Capsaicin is a natural alkaloid extracted from red chili peppers. Its pharmacological action is mainly depletion of substance P from sensory neurones. Capsaicin binds specifically to type C sensory neurones, induces release of substance P, followed by inhibition of synthesis, transport, and storage of this neuropeptide.5
Topical capsaicin has been described as a safe and effective medicine for the relief of pain associated with postherpetic neuralgia, rheumatoid arthritis, and several other pain related conditions. It has also been shown that capsaicin is effective in the treatment of histamine induced pruritus, aquagenic pruritus, itching associated with uraemia, nodular prurigo, and pruritus related to postmastectomy syndrome.3
In the present study, only patients with chronic (longer than three months’ duration) intractable pruritus ani were included. Topical capsaicin cream in concentrations of 0.025%, 0.5%, and 1% had previously been used to treat itching in other pathologies.19
Although no serious side effects were reported, burning sensation at the site of application prevented its use in up to 30% of patients.20
As the perianal region is a very sensitive area of the body, we first conducted a preliminary investigation to establish the acceptable drug concentration. In this study, we found that a concentration of 0.006% capsaicin was effective in alleviating pruritus ani without the significant burning sensation associated with more concentrated preparations.

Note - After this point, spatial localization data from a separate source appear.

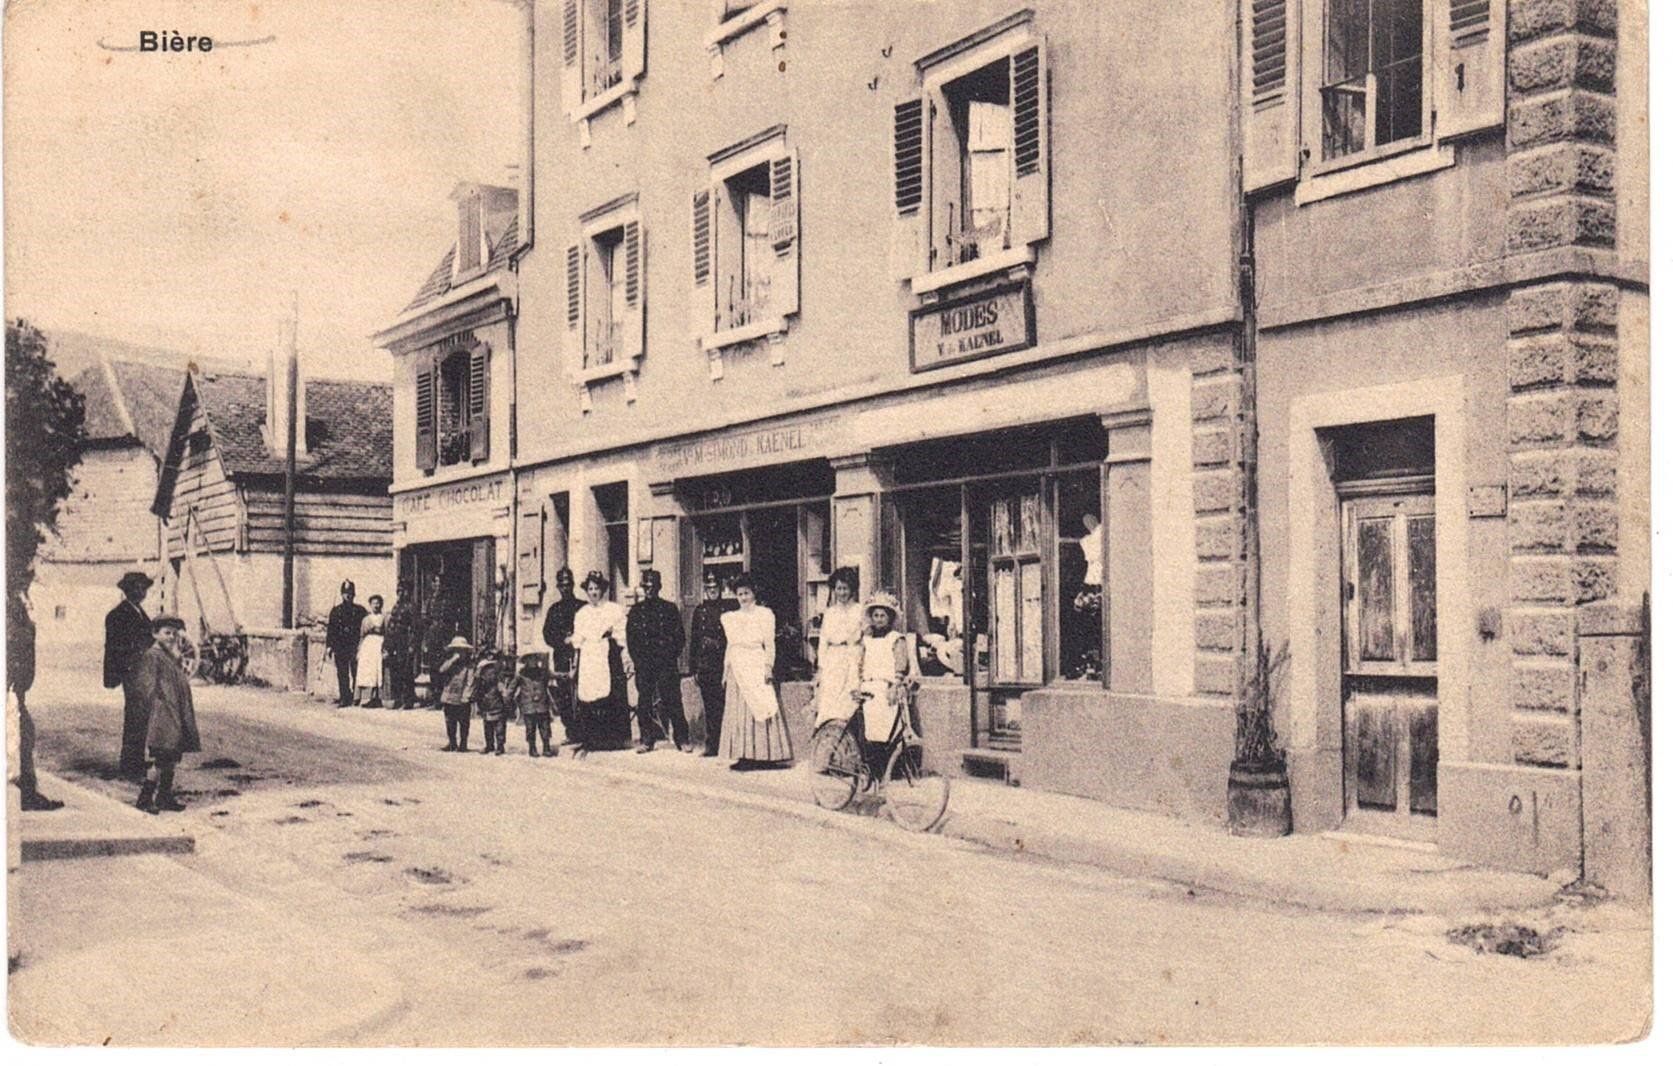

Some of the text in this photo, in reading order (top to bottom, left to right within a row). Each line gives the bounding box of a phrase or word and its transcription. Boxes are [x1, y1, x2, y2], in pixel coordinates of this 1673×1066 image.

[940, 300, 998, 337] MODES
[756, 429, 807, 452] KAENEL
[439, 481, 503, 507] CHOCOLAT
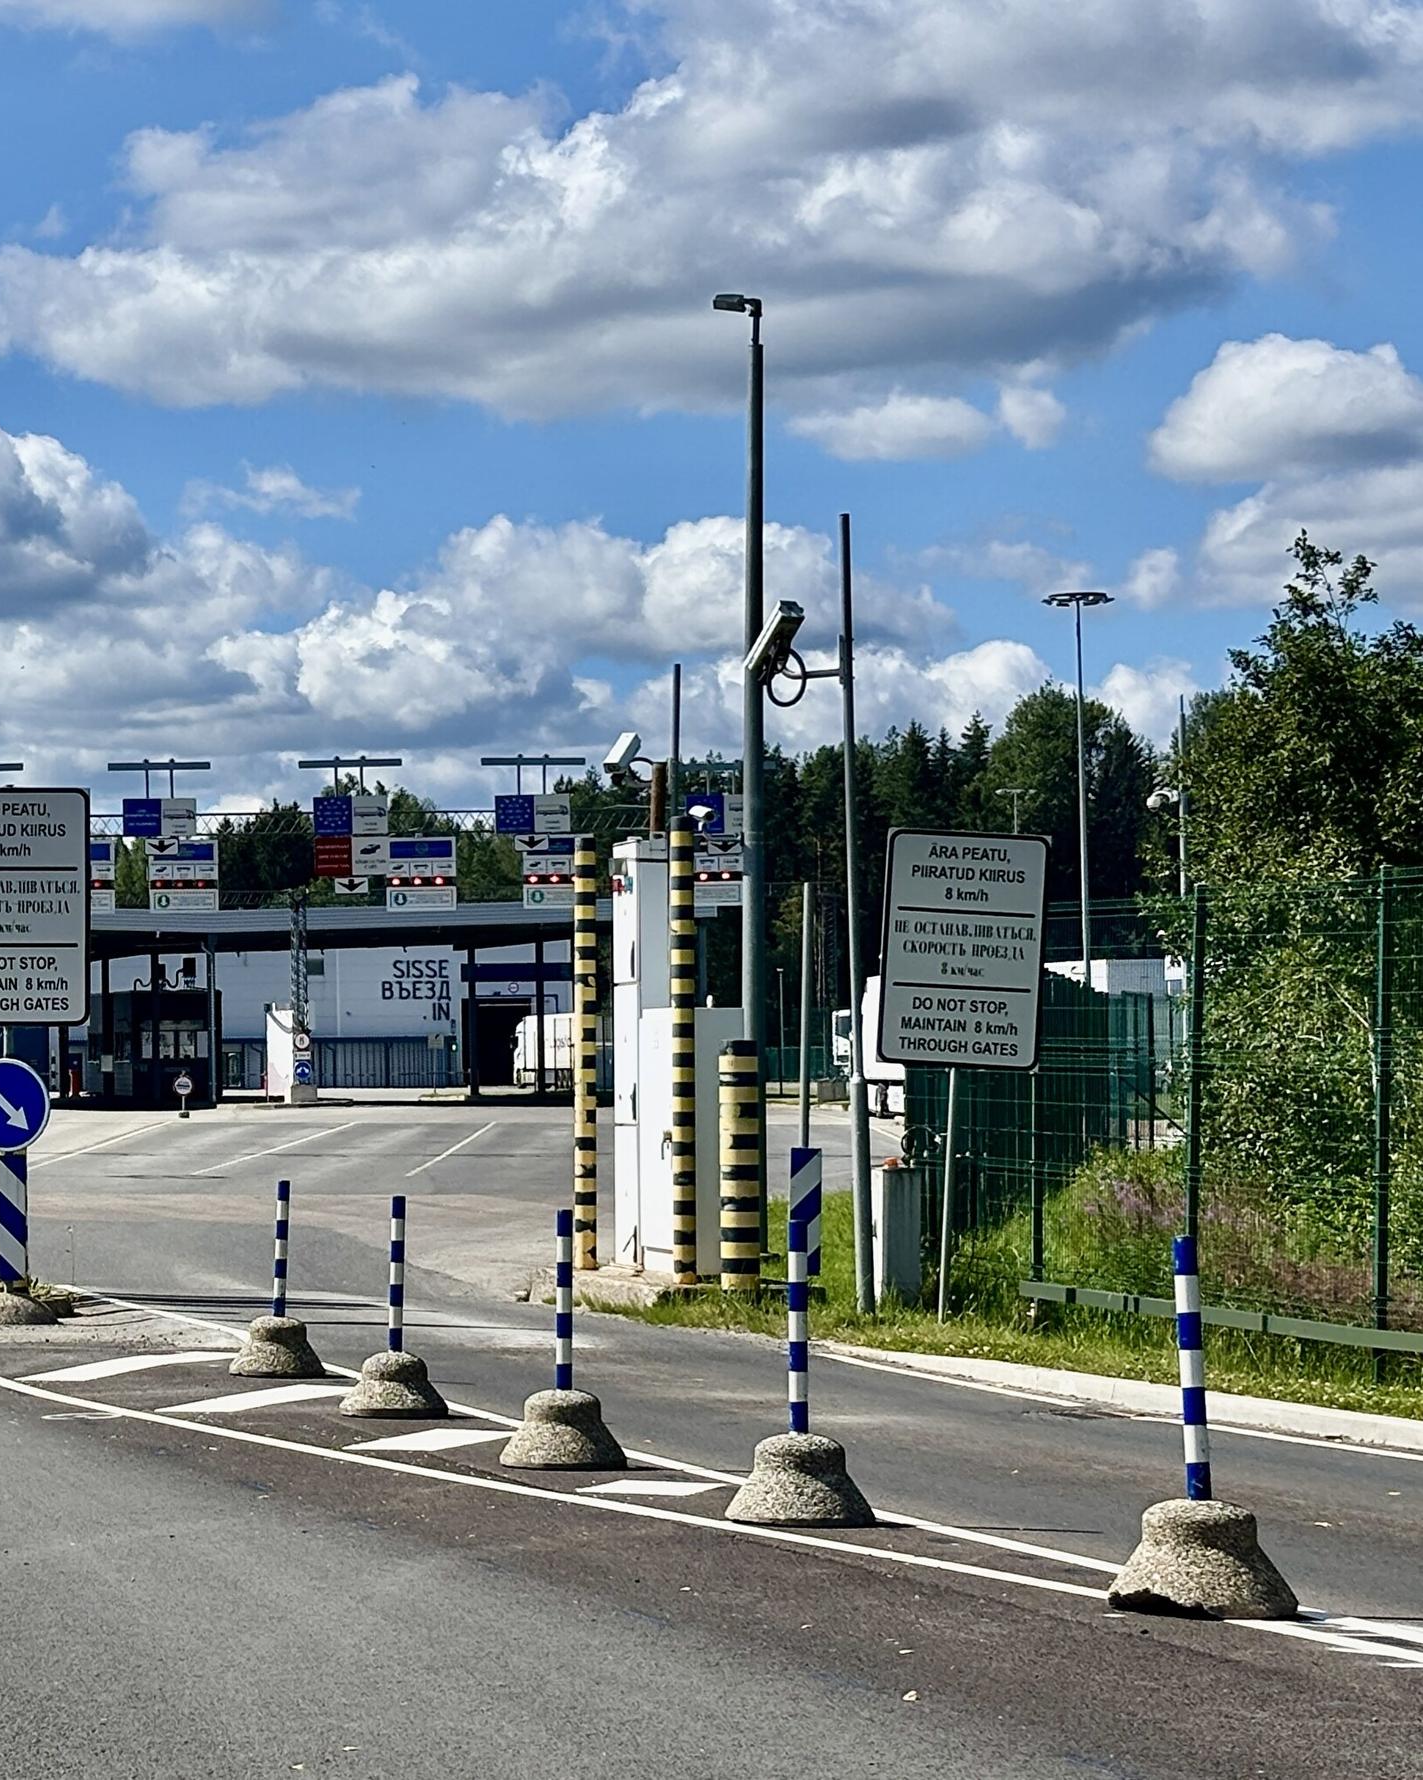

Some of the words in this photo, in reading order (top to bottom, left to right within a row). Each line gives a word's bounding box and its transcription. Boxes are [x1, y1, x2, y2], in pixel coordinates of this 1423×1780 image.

[2, 803, 51, 819] PEATU,
[20, 823, 67, 838] KIIRUS
[0, 843, 32, 857] km/h
[928, 842, 958, 859] ÄRA
[961, 847, 1011, 864] PEATU,
[911, 864, 976, 881] PIIRATUD
[978, 868, 1026, 884] KIIRUS
[944, 887, 953, 900] 8
[957, 888, 989, 902] km/h
[17, 899, 70, 915] ПРОЕЗДА
[894, 920, 910, 934] НЕ
[903, 940, 966, 956] СКОРОСТЬ
[972, 943, 1025, 961] ПРОЕЗДА
[19, 957, 58, 972] STOP,
[392, 959, 449, 978] SISSE
[940, 962, 948, 975] 8
[25, 977, 34, 991] 8
[36, 977, 68, 991] km/h
[382, 981, 451, 1002] ВЪЕЗД
[23, 997, 70, 1012] GATES
[432, 1002, 451, 1021] IN
[912, 996, 934, 1010] DO
[936, 998, 967, 1012] NOT
[969, 1000, 1009, 1016] STOP,
[900, 1016, 967, 1033] MAINTAIN
[974, 1020, 982, 1034] 8
[986, 1021, 1018, 1036] km/h
[899, 1036, 968, 1054] THROUGH
[972, 1041, 1019, 1057] GATES

Our study demonstrated, for the first time, that capsaicin can be used successfully to treat chronic intractable pruritus ani. Patients in this study experienced dramatic itching relief after the first day of treatment. Itching was relieved in 31 of 44 patients in the treated group compared with one in the placebo group (p<0.0001). Overall, five of 49 patients (10%) dropped out of the study during the first week of capsaicin 0.006% application because of intolerable burning sensation (four patients) or urticaria (one patient). No other significant side effects or complications were noted. During the follow up period, the trial was conducted as an open label study and “responders” had stopped daily capsaicin applications. Although itching recurred sporadically in all patients, patients needed a mean application of capsaicin every 1.6 days (SD 1.2; range 0.5–7 days) to remain symptom free (or near symptom free).
A long term follow up study showed that the therapeutic effect of capsaicin did not decrease in general over time. However, two patients needed more frequent capsaicin applications and two patients more concentrated capsaicin preparations in order to remain symptom free in the long term follow up groups. Burning sensation was mild in two patients receiving capsaicin 0.012%. Burning sensation decreased in most patients over time and probably a more concentrated capsaicin preparation can be used in most patients, if required. Further studies are necessary to more precisely establish the range of effective capsaicin concentration for long term treatment. In the “responders” group, more patients were completely symptom free than nearly symptom free during the controlled phase compared with the follow up period. This was mainly due to the instructions given to the patients during the follow up period to apply capsaicin if symptoms recurred. Most of the patients who ignored this suggestion and applied capsaicin on a daily basis remained completely symptom free. Thus it is suggested to offer patients both possibilities and let them chose according to their preference.
In summary, perianal application of 0.006% capsaicin cream is a new and promising approach to the treatment of chronic idiopathic intractable pruritus ani. This drug concentration was significantly effective and safe in this pathology. The study also suggests that the neuropeptide substance P may play a key role as a mediator of itching in chronic pruritus ani.